Thursday, May 14, 2009

Solitude and prison


Anderson was the chief Middle East correspondent for the Associated Press when, on March 16, 1985, three bearded men forced him from his car in Beirut at gunpoint. He was pushed into a Mercedes sedan, covered head to toe with a heavy blanket, and made to crouch head down in the footwell behind the front seat. His captors drove him to a garage, pulled him out of the car, put a hood over his head, and bound his wrists and ankles with tape. For half an hour, they grilled him for the names of other Americans in Beirut, but he gave no names and they did not beat him or press him further. They threw him in the trunk of the car, drove him to another building, and put him in what would be the first of a succession of cells across Lebanon. He was soon placed in what seemed to be a dusty closet, large enough for only a mattress. Blindfolded, he could make out the distant sounds of other hostages. (One was William Buckley, the C.I.A. station chief who was kidnapped and tortured repeatedly until he weakened and died.) Peering around his blindfold, Anderson could see a bare light bulb dangling from the ceiling. He received three unpalatable meals a day—usually a sandwich of bread and cheese, or cold rice with canned vegetables, or soup. He had a bottle to urinate in and was allotted one five- to ten-minute trip each day to a rotting bathroom to empty his bowels and wash with water at a dirty sink. Otherwise, the only reprieve from isolation came when the guards made short visits to bark at him for breaking a rule or to threaten him, sometimes with a gun at his temple.

He missed people terribly, especially his fiancĂ©e and his family. He was despondent and depressed. Then, with time, he began to feel something more. He felt himself disintegrating. It was as if his brain were grinding down. A month into his confinement, he recalled in his memoir, “The mind is a blank. Jesus, I always thought I was smart. Where are all the things I learned, the books I read, the poems I memorized? There’s nothing there, just a formless, gray-black misery. My mind’s gone dead. God, help me.”

He was stiff from lying in bed day and night, yet tired all the time. He dozed off and on constantly, sleeping twelve hours a day. He craved activity of almost any kind. He would watch the daylight wax and wane on the ceiling, or roaches creep slowly up the wall. He had a Bible and tried to read, but he often found that he lacked the concentration to do so. He observed himself becoming neurotically possessive about his little space, at times putting his life in jeopardy by flying into a rage if a guard happened to step on his bed. He brooded incessantly, thinking back on all the mistakes he’d made in life, his regrets, his offenses against God and family.

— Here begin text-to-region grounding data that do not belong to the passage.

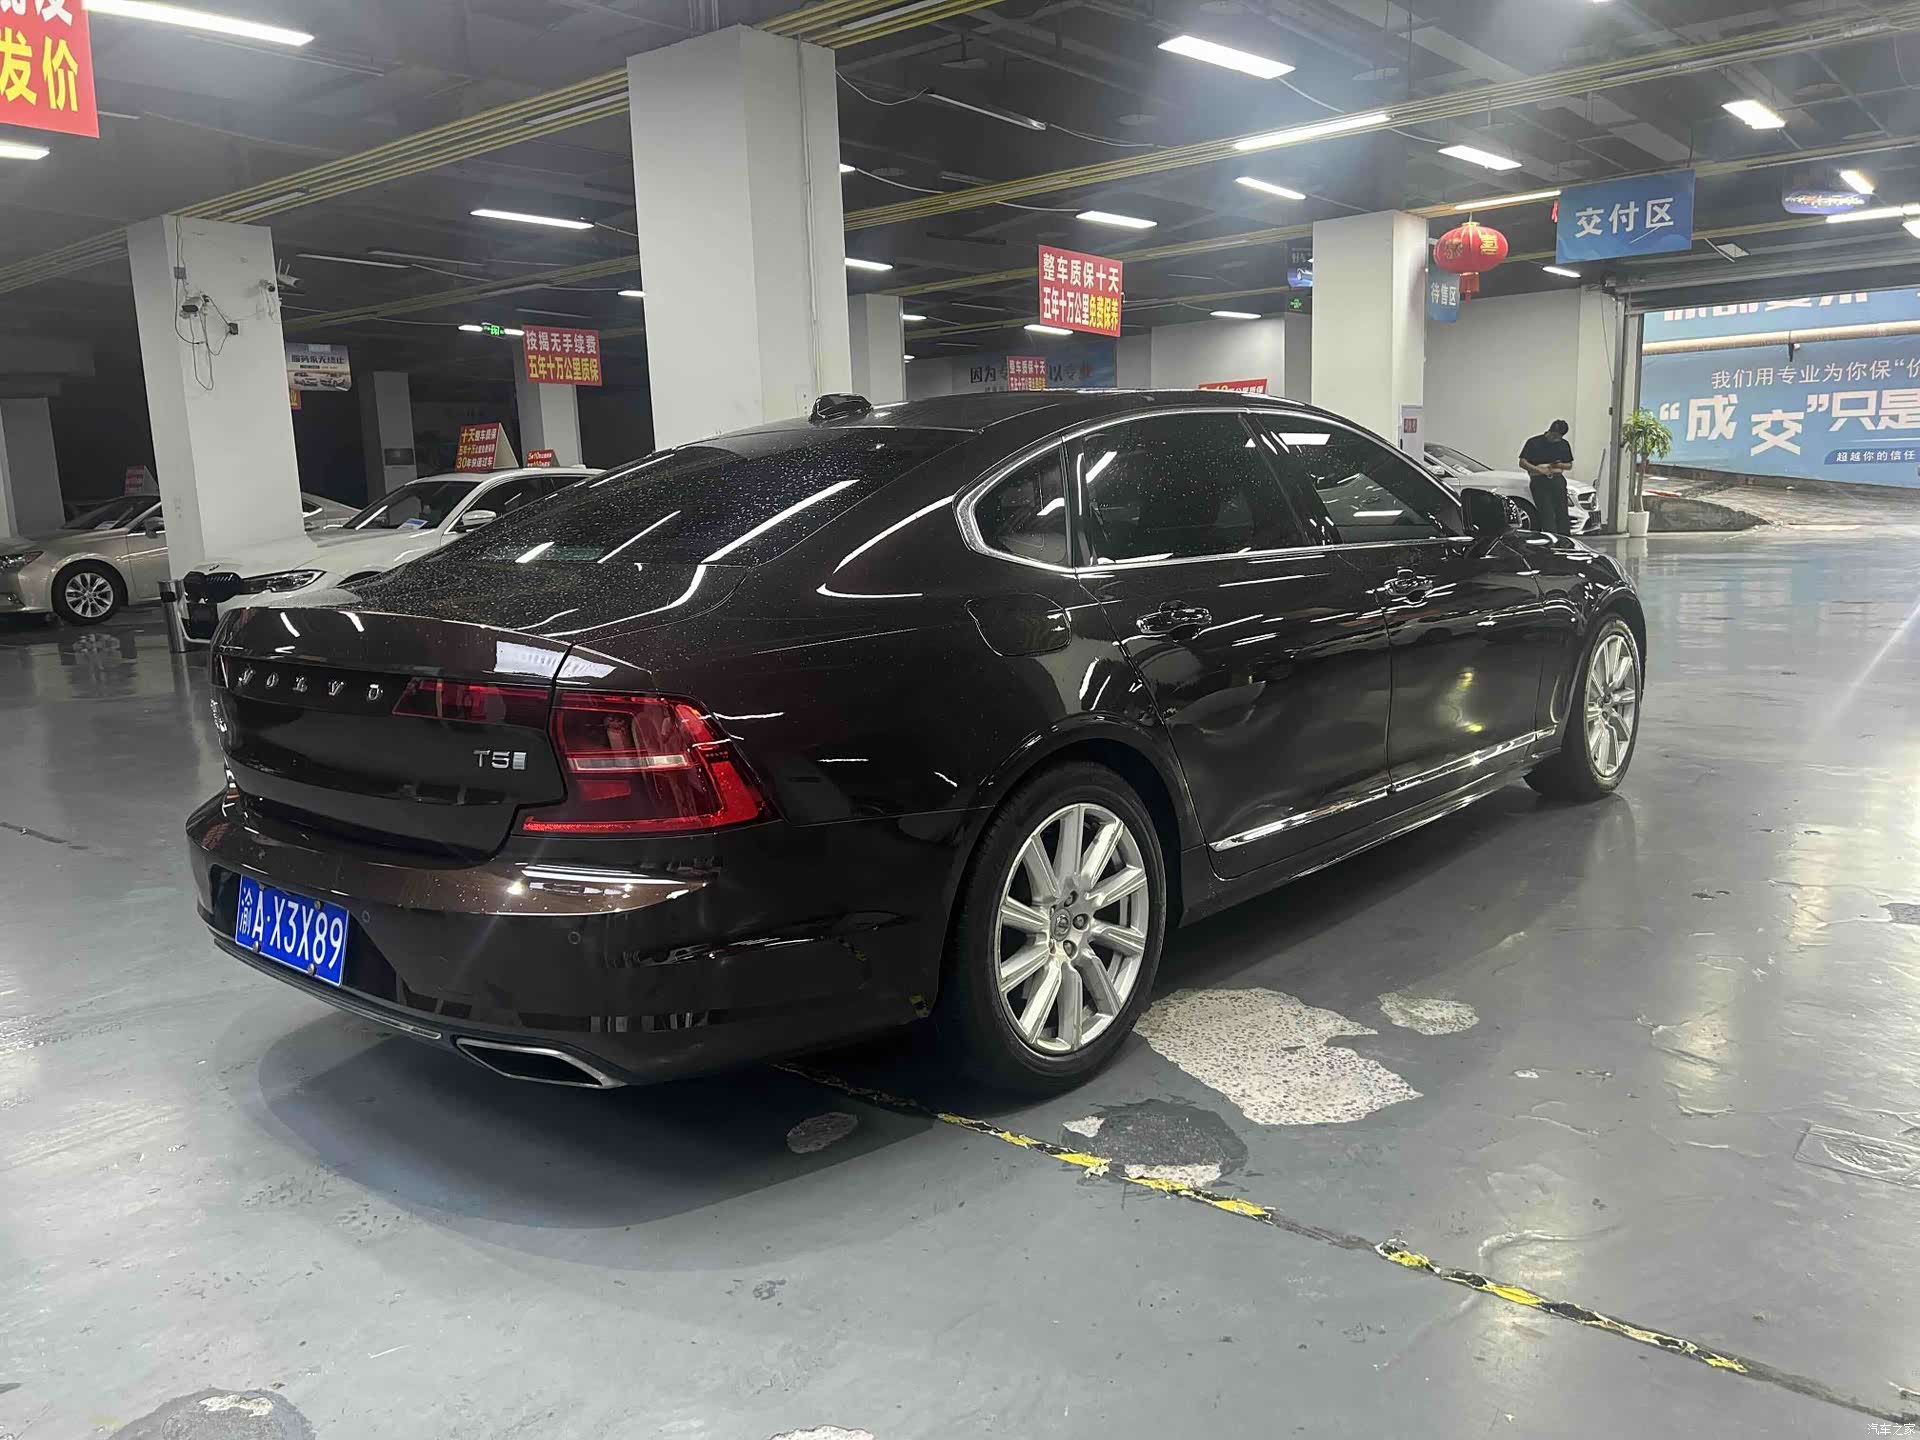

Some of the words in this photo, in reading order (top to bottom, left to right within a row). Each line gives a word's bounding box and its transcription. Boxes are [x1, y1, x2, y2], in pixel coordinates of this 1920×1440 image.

[1575, 197, 1674, 239] 交付区
[1043, 252, 1119, 293] 整车质保十天
[1043, 286, 1119, 332] 五年十万公里免费保养
[526, 330, 597, 354] 按揭无手续费
[528, 353, 599, 382] 五年十万公里质保
[1836, 449, 1916, 463] 超越你的信任
[238, 667, 384, 701] VOLVO
[473, 749, 511, 769] T5

His captors moved him every few months. For unpredictable stretches of time, he was granted the salvation of a companion—sometimes he shared a cell with as many as four other hostages—and he noticed that his thinking recovered rapidly when this occurred. He could read and concentrate longer, avoid hallucinations, and better control his emotions. “I would rather have had the worst companion than no companion at all,” he noted.

In September, 1986, after several months of sharing a cell with another hostage, Anderson was, for no apparent reason, returned to solitary confinement, this time in a six-by-six-foot cell, with no windows, and light from only a flickering fluorescent lamp in an outside corridor. The guards refused to say how long he would be there. After a few weeks, he felt his mind slipping away again.

“I find myself trembling sometimes for no reason,” he wrote. “I’m afraid I’m beginning to lose my mind, to lose control completely.”